The data were processed with the PPWCIL algorithm proposed in this paper, and the location results were obtained. This section first explains the location process in detail through a set of data as an example. Then, the key parameters such as sensor distribution and filter frequency band are analyzed.

4.1. PLRs with the CCGPWL Algorithm

In order to introduce the algorithm flowchart and explain the influencing factors of each process, the signals collected by the type 1 sensor network was chosen to be analyzed. The time-domain impact signals at an impact point (−20, 15) are shown in Figure 7.

From the perspective of the waveform, the time-domain map shows the characteristics of an apparent impact signal with noise.
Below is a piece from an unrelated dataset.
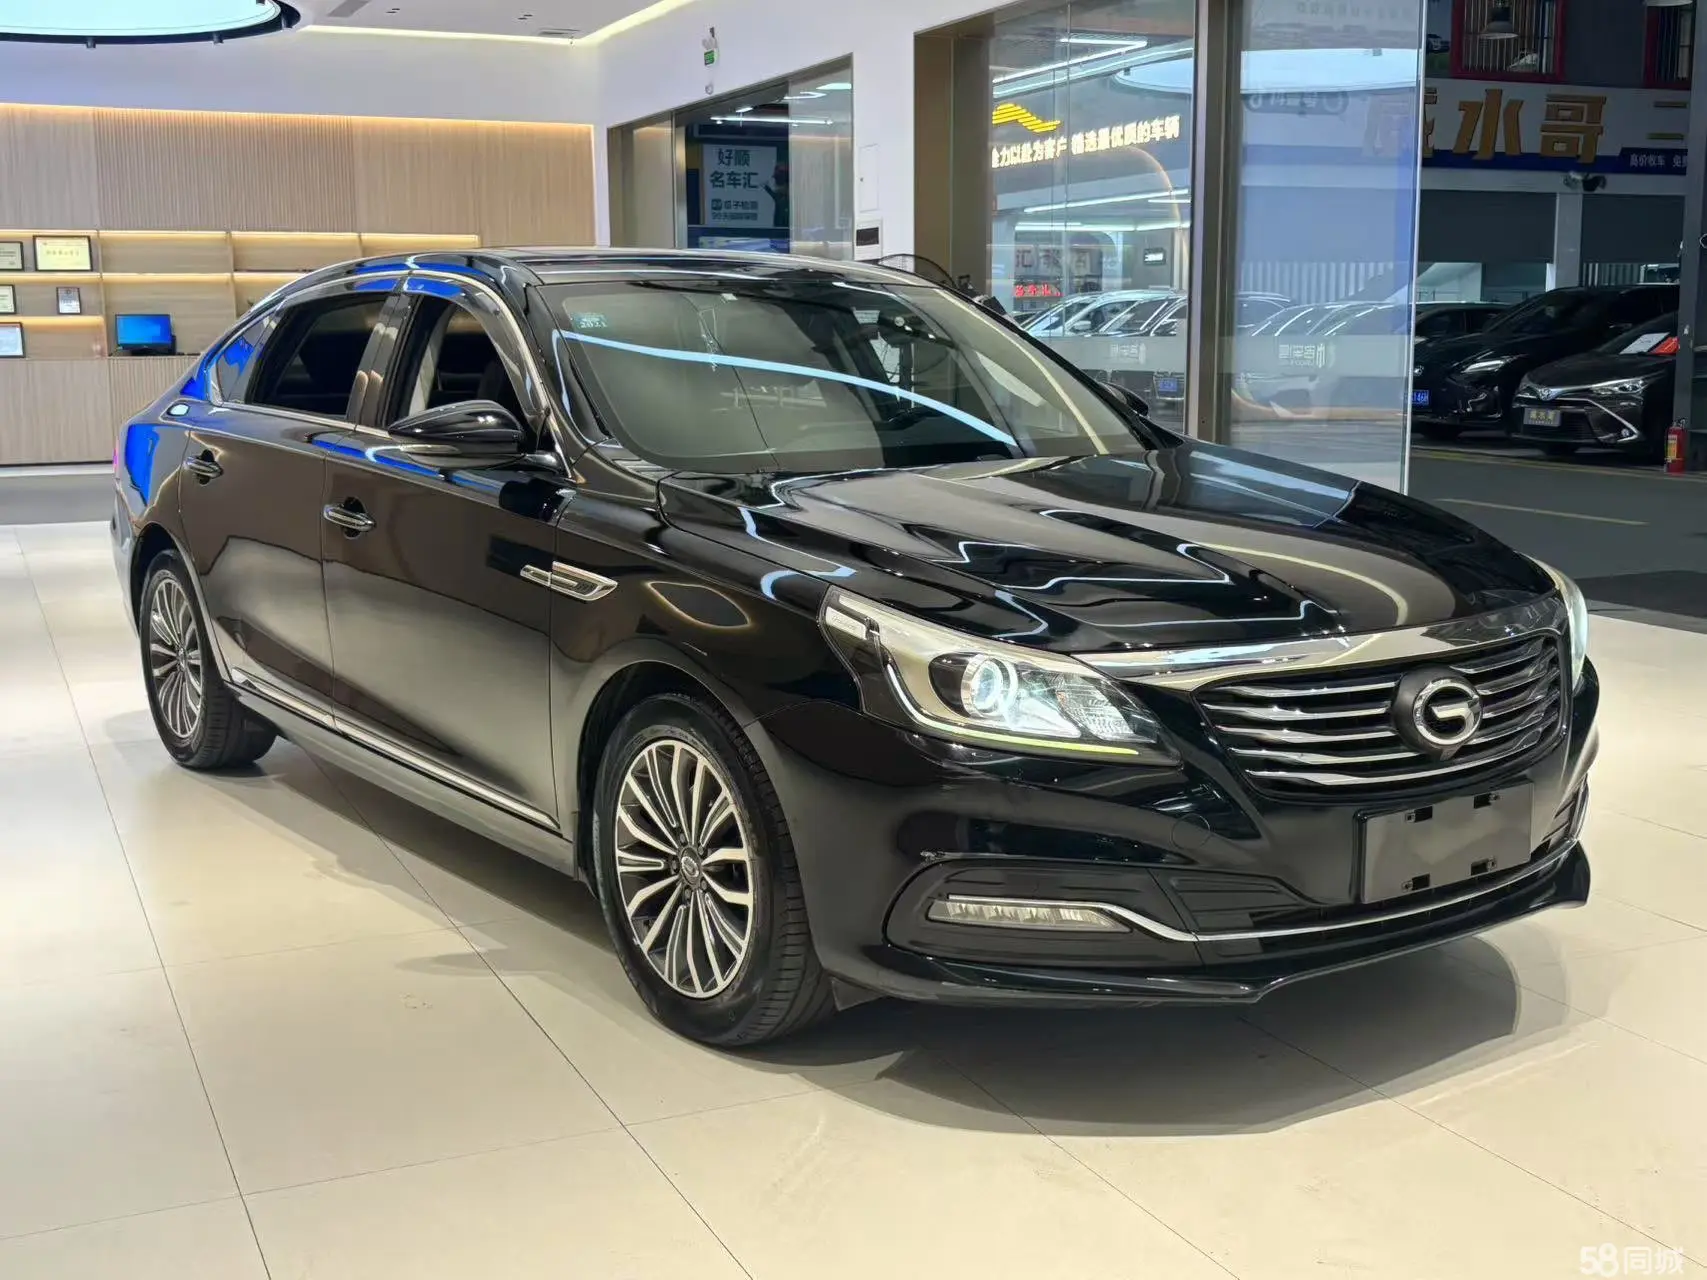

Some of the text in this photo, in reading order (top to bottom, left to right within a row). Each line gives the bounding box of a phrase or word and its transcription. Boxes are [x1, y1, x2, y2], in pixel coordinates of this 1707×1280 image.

[718, 148, 751, 167] 好顺
[710, 170, 759, 189] 名车汇
Significant spikes appeared at the beginning, and the signal gradually decreased due to the dispersion of the Lamb wave and the damping of the plate. However, due to the obvious reflection phenomenon in the stiffened plate, there was still a small-amplitude waveform after the attenuation. The method in this paper uses the cross-correlation method to calculate the impact possibility weight difference of the time difference information, it is more tolerant with the subsequently reflected signals, which made up for the insufficiency of the reflected wave intensity in the stiffened plate.

From the point of view of the arrival time, the signal obtained by the sensor near the impact point arrived earlier. From the point of view of the magnitude, the signals acquired by the sensors, which were closer to the impact point, had a relatively larger magnitude and a better curve shape. The signal propagation path corresponding to the far-distance sensor was long, and after the effect of the stiffener, the attenuation of the wave was more serious.

The impact signals were subject to low-frequency ambient noise during propagation, such as noise generated by mechanical vibration. In addition, other devices generated high-frequency electromagnetic noise during operation, which also increased the difficulty of signal analysis. Based on the above analysis, for the impact source location process, the impact signal should be filtered and preprocessed first, and the low-frequency mechanical noise interference and high-frequency electromagnetic noise interference were eliminated while retaining the effective information of the signal. The filter frequency band was set as 300–400 kHz. The signals after filtering are shown in Figure 8. It can be seen that the signals had attenuation in magnitude but the quality of the signals was improved.

After obtaining the filtered signal, a cross-correlation curve and its Gaussian fitting curve were obtained. In this paper, eight sensors were used, and two sensors were selected for cross-correlation operation. A total of 28 cross-correlation curves were obtained. The impact possibility weight of each grid on the test plate was calculated according to the Gaussian curve. The difference in distance between the two sensors at the center of the grid was easy to calculate, and the time difference was obtained by the ratio between the distance and wave velocity. A time difference was used to obtain a corresponding value in the cross-correlation curve as a component of the impact possibility weight in this grid.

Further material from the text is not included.